À mesure que la lumière diminue, les chauves-souris deviennent plus difficiles à voir, mais je sais toujours quand elles passent. Leurs ailes se déplacent dans les airs comme un fouet lorsqu’elles me frappent la tête. Il est difficile de savoir exactement combien quittent le gîte une nuit donnée, mais les estimations situent cette colonie entre 100 000 et 250 000 individus, selon le mois et l'année.

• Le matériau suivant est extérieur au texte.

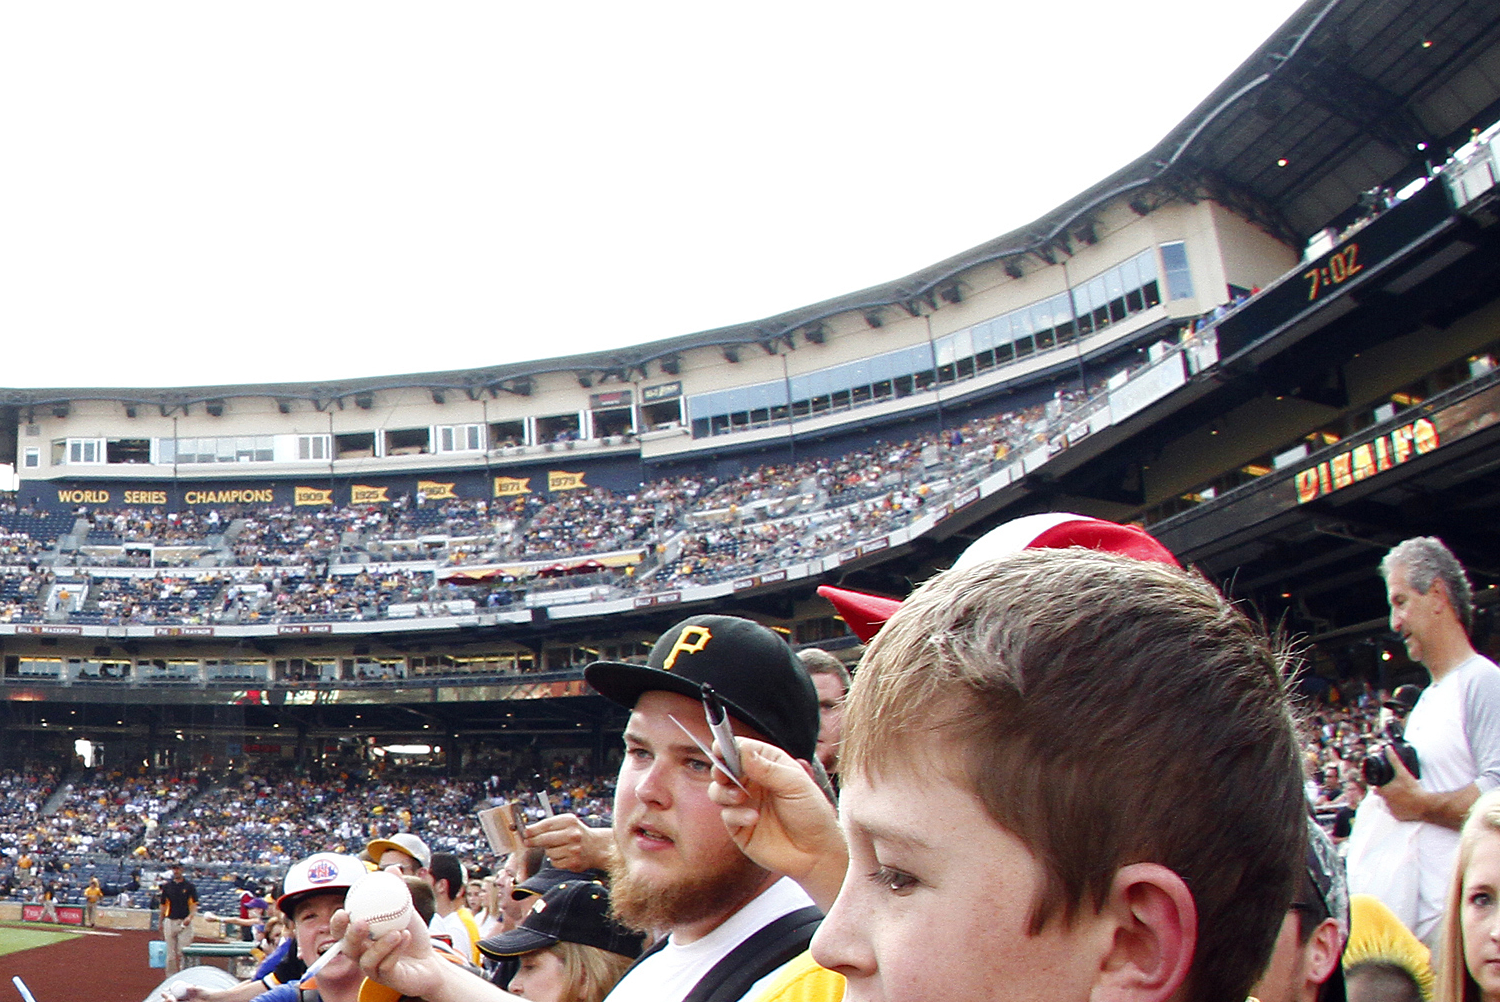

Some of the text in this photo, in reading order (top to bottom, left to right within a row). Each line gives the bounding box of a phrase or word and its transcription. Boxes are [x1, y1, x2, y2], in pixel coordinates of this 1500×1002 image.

Les chauves-souris sortent de la grotte pendant 45 minutes, soit presque deux fois plus longtemps que plus tard au cours de l'été, alors que la saison se termine. Dans un premier temps, ils se succèdent en écholocalisation, formant un ruban serré qui se dirige vers le fond de la vallée. À mesure que leur nombre diminue d'environ 100 chauves-souris par seconde à 40, le flux s'élargit et elles commencent à se déplacer de manière indépendante. « (Quand il y a moins de chauves-souris), il leur est plus facile d'entendre les papillons, ce qui leur permet de les suivre plutôt que les uns les autres », explique Scott. « C'est pourquoi ils semblent plus irréguliers. »
A 21h14, aussi soudainement que le vol aller a commencé, c'est terminé. Nous faisons nos valises et enfilons des lampes frontales pour la randonnée de 1,5 mile jusqu'au terrain de camping Valley View Hot Springs. Des étoiles émergent, des points d’épingle brillants dans le ciel d’encre sans lune. Après avoir déposé nos sacs au camping, Mike et moi sillonnons les bois pour prendre un dernier bain dans les sources chaudes, traçant des ruisseaux torrides éclairés par des lucioles qui clignent des yeux le long de leurs berges. Alors que je m'enfonce dans l'eau chaude, des constellations scintillent sur sa surface vitreuse et je sens l'air frémir tandis qu'une chauve-souris passe devant mon oreille.